NON PULITORI DI PAPERI: OVVERO COME CURARE I DISTURBI ALIMENTARI
Un giovane papero naviga tranquillo sulle acque di un grande stagno. Non ha coscienza che la superficie è inquinata da larghe chiazze di petrolio. Finché un giorno fatica a prendere il volo: le sue piume hanno perso la loro leggerezza. Il panico si impadronisce del papero. Poi -finalmente- qualcuno si accorge del flagello che di è abbattuto su quell’ecosistema. Preleva il papero dallo stagno, lo ripulisce amorevolmente, poi lo getta nuovamente nello stagno – “passo tra una settimana per darti una pulitina…” – e se ne va. Papero non conosce altri luoghi che quello e, pur potendo volare, preferisce rimanere in un habitat sporco, avverso, ma conosciuto, piuttosto che avventurarsi verso l’ignoto.
Ogni sintomo è il prodotto di un sistema, ogni comportamento è una risposta a quello specifico sistema: allora intervenire come i succitati “pulitori di paperi che vivono in stagni inquinati” non ha alcun senso.
Quando lavoravo in una clinica per i disturbi alimentari, la storiella sopra riportata è la teoria di fondo che, nelle intenzioni, ispirava la metodologia di cura di tale clinica. In realtà, nella struttura, ci si comportava esattamente come pulitori di paperi: isolare la paziente attraverso il ricovero, eliminare il sintomo e rispedirla in famiglia. I genitori spesso gioivano sorpresi nel vedere il rapido recupero della figlia, passata magari attraverso molti anni e tentativi di cure infruttuose presso vari specialisti. Ma una volta tornata a casa, la guarigione spesso durava poco, allora la paziente rientrava in clinica e si creava facilmente una dipendenza dall’istituzione e dai curanti che rendeva assai complicato la reintegrazione nel sistema di origine.
Ogni tentativo di tornare a casa causava una ricaduta nel sintomo e nei comportamenti disfunzionali abituali, con la conseguente richiesta della famiglia ai curanti di occuparsi della povera figlia malata, mentre loro assistevano impotenti lavandosene le mani. Ho assistito a diverse storie di questo tipo, a casi incapaci di abbandonare il sintomo nel loro contesto di provenienza. La cosa mi faceva riflettere, e quindi sorridere e gioire compiaciuta nel riconoscere l’importanza e la validità di un modello terapeutico che prevede il coinvolgimento dell’intero nucleo familiare. Molti approcci lavorano escludendo la famiglia dal trattamento, e mi accorgo di quanto una visione esclusivamente individuale sia la strada più difficile, nel trattamento dei disturbi alimentari. La mancanza della famiglia lì presente con tutti quanti i suoi membri ingaggiati, non significa tuttavia per me l’impossibilità di lavorare in senso sistemico; anzi, mi stimola a pensare in tale direzione, a tenere ben presente tutto il contesto, le relazioni, le alleanze, a cercare di presentificare in seduta le persone significative del sistema. Certo è una modalità di intervento più difficile, comporta il rischio di cadere nella visione unica del paziente lì davanti a me, di credere alla “verità” della sua versione dei fatti e colluderci. Tuttavia risulta un campo di prova assai interessante e stimolante, che stuzzica la mia curiosità di conoscere il sistema e ciò che ha creato il problema, che alimenta ogni volta il mio desiderio (e il mio bisogno) di essere un terapeuta sistemico.

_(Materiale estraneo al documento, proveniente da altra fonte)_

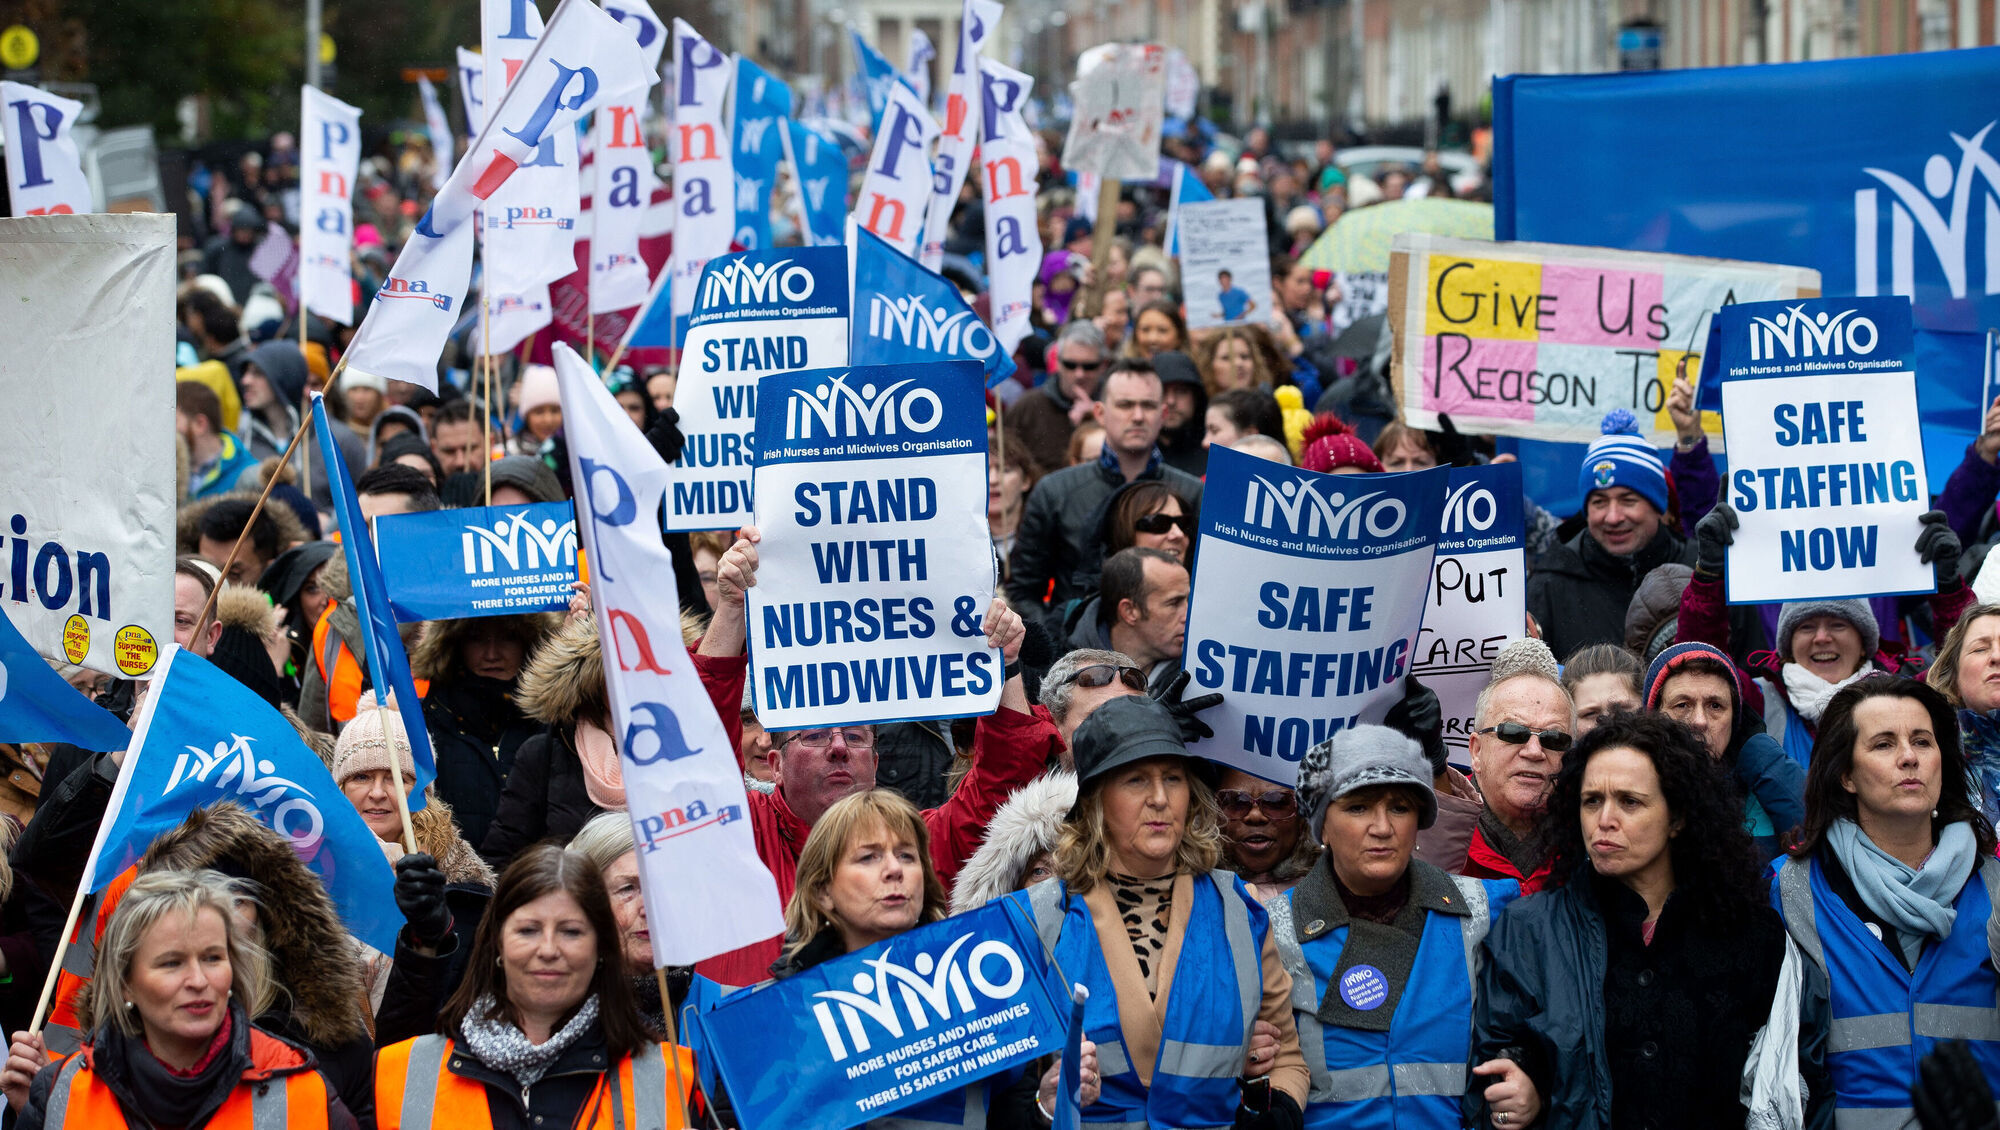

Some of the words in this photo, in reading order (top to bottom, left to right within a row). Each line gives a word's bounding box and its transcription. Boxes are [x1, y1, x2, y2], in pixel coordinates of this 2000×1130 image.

[505, 207, 553, 230] pna
[702, 255, 815, 309] INMO
[700, 311, 723, 322] Nurses
[724, 309, 739, 319] and
[741, 308, 780, 318] Midwives
[781, 306, 838, 317] Organisation
[869, 292, 997, 359] INMO
[1749, 302, 1878, 360] INMO
[702, 335, 809, 373] STAND
[1729, 367, 1749, 377] Irish
[1750, 364, 1782, 375] Nurses
[1784, 363, 1801, 373] and
[1804, 360, 1846, 372] Midwives
[1847, 359, 1903, 371] Organisation
[712, 385, 759, 419] WI
[785, 371, 943, 440] INMO
[1773, 400, 1867, 447] SAFE
[675, 431, 755, 468] NURS
[763, 450, 782, 460] Irish
[783, 446, 820, 458] Nurses
[823, 445, 844, 456] and
[847, 442, 899, 454] Midwives
[902, 438, 973, 453] Organisation
[794, 476, 938, 528] STAND
[1243, 473, 1407, 540] INMO
[1733, 460, 1919, 513] STAFFING
[462, 509, 577, 574] INM
[1214, 521, 1238, 537] Irish
[1240, 529, 1280, 548] Nurses
[1281, 539, 1303, 552] and
[1306, 543, 1359, 556] Midwives
[1362, 534, 1427, 555] Organisation
[1437, 540, 1465, 549] wives
[1467, 534, 1516, 548] Organisation
[1780, 525, 1878, 572] NOW
[0, 514, 111, 621] ion
[471, 578, 501, 588] MORE
[502, 575, 540, 586] NURSES
[542, 573, 564, 583] AND
[810, 538, 928, 584] WITH
[471, 598, 503, 609] THERE
[505, 598, 514, 608] IS
[515, 595, 552, 607] SAFETY
[554, 594, 564, 604] IN
[504, 587, 526, 596] FOR
[526, 584, 557, 595] SAFER
[1257, 581, 1375, 633] SAFE
[66, 631, 88, 643] SUPPORT
[762, 596, 936, 649] NURSES
[951, 595, 987, 638] &
[73, 641, 82, 650] THE
[117, 641, 152, 653] SUPPORT
[119, 660, 148, 670] NURSES
[126, 651, 141, 660] THE
[763, 651, 994, 711] MIDWIVES
[1195, 637, 1409, 698] STAFFING
[634, 799, 712, 855] pna
[812, 931, 1025, 1062] INMO
[1345, 969, 1372, 987] INMO
[1348, 983, 1366, 996] Stand
[1366, 977, 1380, 988] with
[1350, 989, 1372, 1002] Nurses
[1372, 983, 1384, 993] and
[1355, 991, 1385, 1007] Midwives
[846, 1056, 886, 1080] MORE
[886, 1037, 937, 1064] NURSES
[938, 1026, 966, 1046] AND
[966, 1002, 1030, 1035] MIDWIVES
[894, 1061, 923, 1080] FOR
[922, 1044, 964, 1069] SAFER
[964, 1032, 998, 1053] CARE
[856, 1087, 900, 1113] THERE
[899, 1081, 913, 1097] IS
[915, 1063, 960, 1092] SAFETY
[961, 1057, 978, 1074] IN
[976, 1035, 1040, 1068] NUMBERS
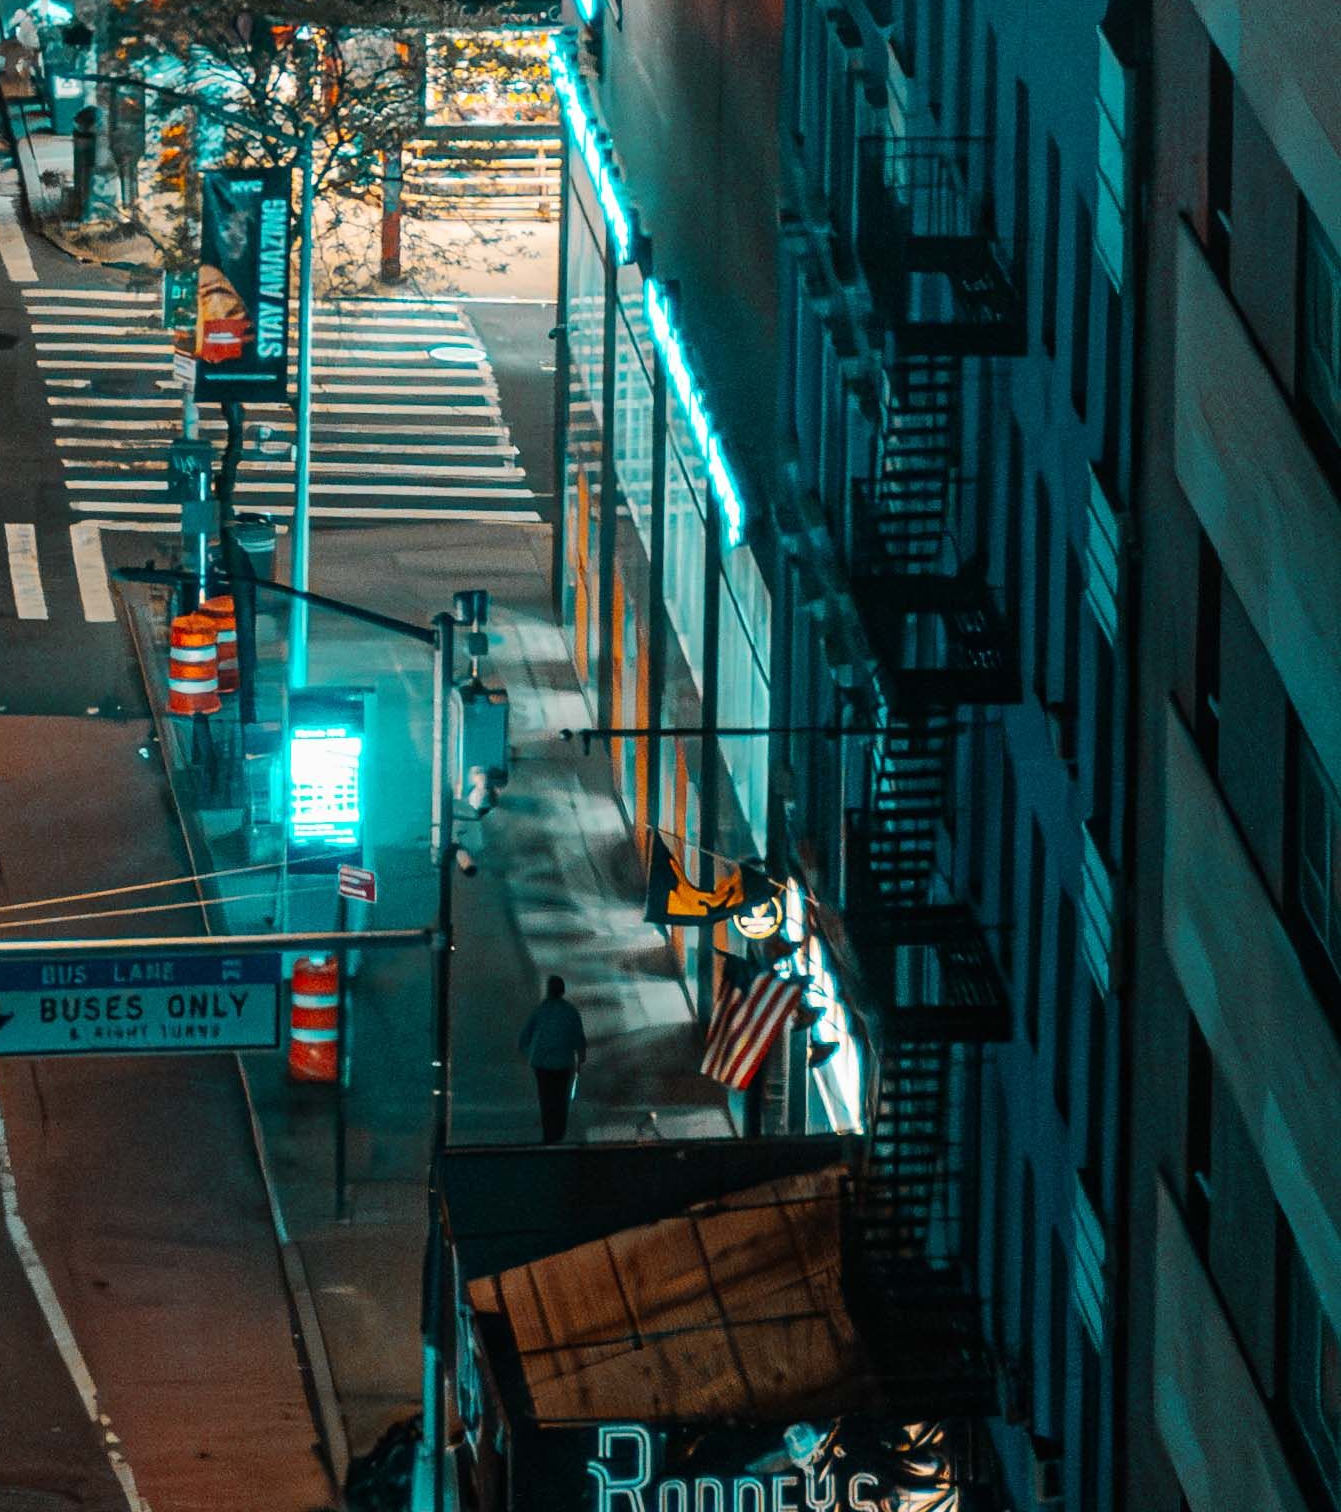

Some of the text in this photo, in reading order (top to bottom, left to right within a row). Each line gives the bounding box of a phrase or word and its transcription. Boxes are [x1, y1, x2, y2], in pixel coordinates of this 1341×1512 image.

[257, 199, 288, 358] STAY AMAZING
[41, 961, 174, 986] BUS LANE
[39, 991, 249, 1024] BUSES ONLY
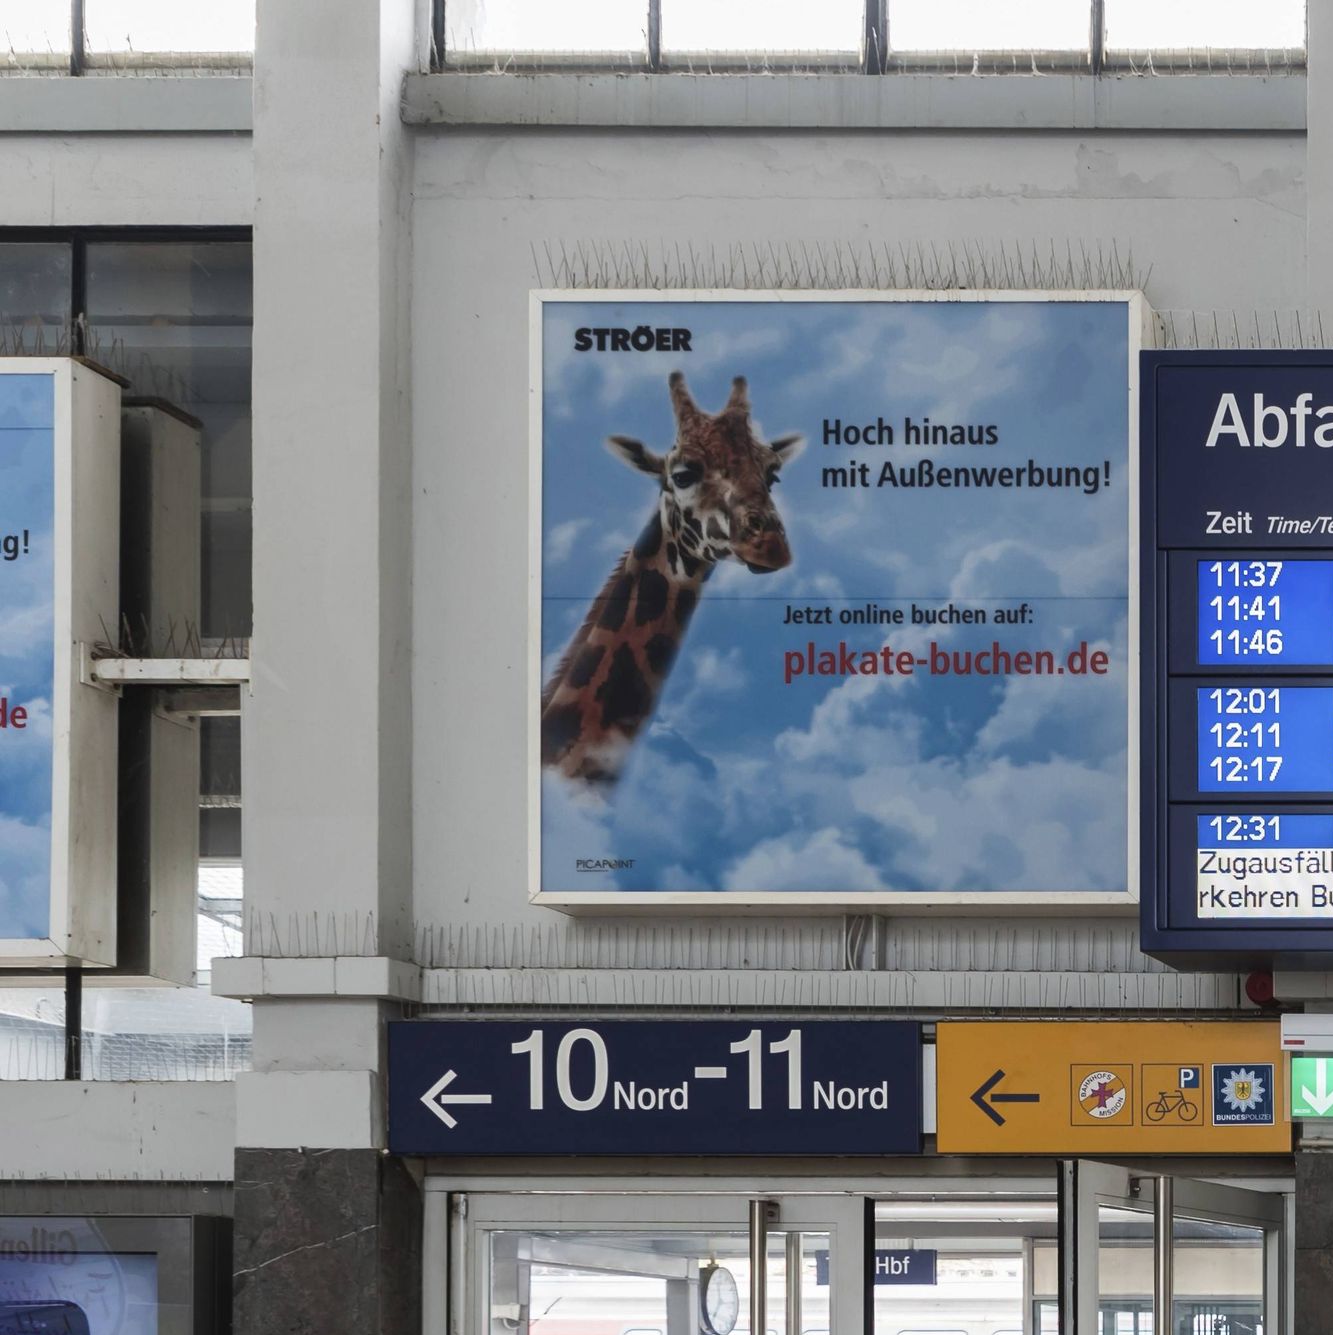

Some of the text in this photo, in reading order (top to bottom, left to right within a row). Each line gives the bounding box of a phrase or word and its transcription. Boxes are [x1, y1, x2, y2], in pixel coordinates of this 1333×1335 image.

[574, 325, 692, 352] STRÖER
[822, 418, 998, 446] Hoch hinaus
[822, 459, 1111, 494] mit Außenwerbung!
[1206, 511, 1252, 534] Zeit
[0, 529, 29, 561] g!
[1210, 562, 1282, 587] 11:37
[783, 604, 1034, 628] Jetzt online buchen auf:
[1210, 596, 1280, 621] 11:41
[1210, 630, 1283, 654] 11:46
[783, 642, 1109, 683] plakate-buchen.de
[1210, 689, 1280, 714] 12:01
[1210, 722, 1280, 747] 12:11
[1210, 756, 1283, 781] 12:17
[1210, 816, 1281, 841] 12:31
[511, 1028, 609, 1111] 10
[613, 1081, 688, 1110] Nord
[813, 1081, 888, 1110] Nord
[1180, 1069, 1194, 1088] P
[1080, 1073, 1112, 1098] BAHNHOFS
[1098, 1096, 1124, 1117] MISSION
[875, 1256, 910, 1275] Hbf

Studiando le dinamiche presenti all’interno di famiglie con una figlia anoressica o bulimica, si constata che il vero problema non sono tanto i sintomi quanto i significati che questi vengono ad assumere in ogni specifico gruppo familiare. Se presi unicamente come disturbo mentale, intrinseco all’individuo che li presenta, porteranno alla ricerca da parte dei genitori di “che cosa si è rotto nella sua testa”. La persona in difficoltà diventa materiale di studio e di sconvolgimento degli equilibri familiari ed il suo comportamento anomalo diviene il crogiuolo della sofferenza familiare e la ragione ultima dell’intervento terapeutico a cui si demanda con disperazione la soluzione di un problema senz’altro complesso.
Un modo differente per impostare il problema è quello di considerare la famiglia come risorsa attiva, depositaria di malesseri profondi quanto di energie vitali e risorse, talora imprevedibili. Il primo passo è allora quello di spostare l’attenzione dal rimuovere il sintomo al comprenderne i significati in ciascuna famiglia e proprio in quello specifico momento del suo ciclo vitale. Chi vive in quell’ambiente e ne condivide la storia evolutiva, se aiutato a riscoprire le proprie risorse interne, potrà fornire informazioni e risposte più utili e interessanti di quelle di esperti esterni.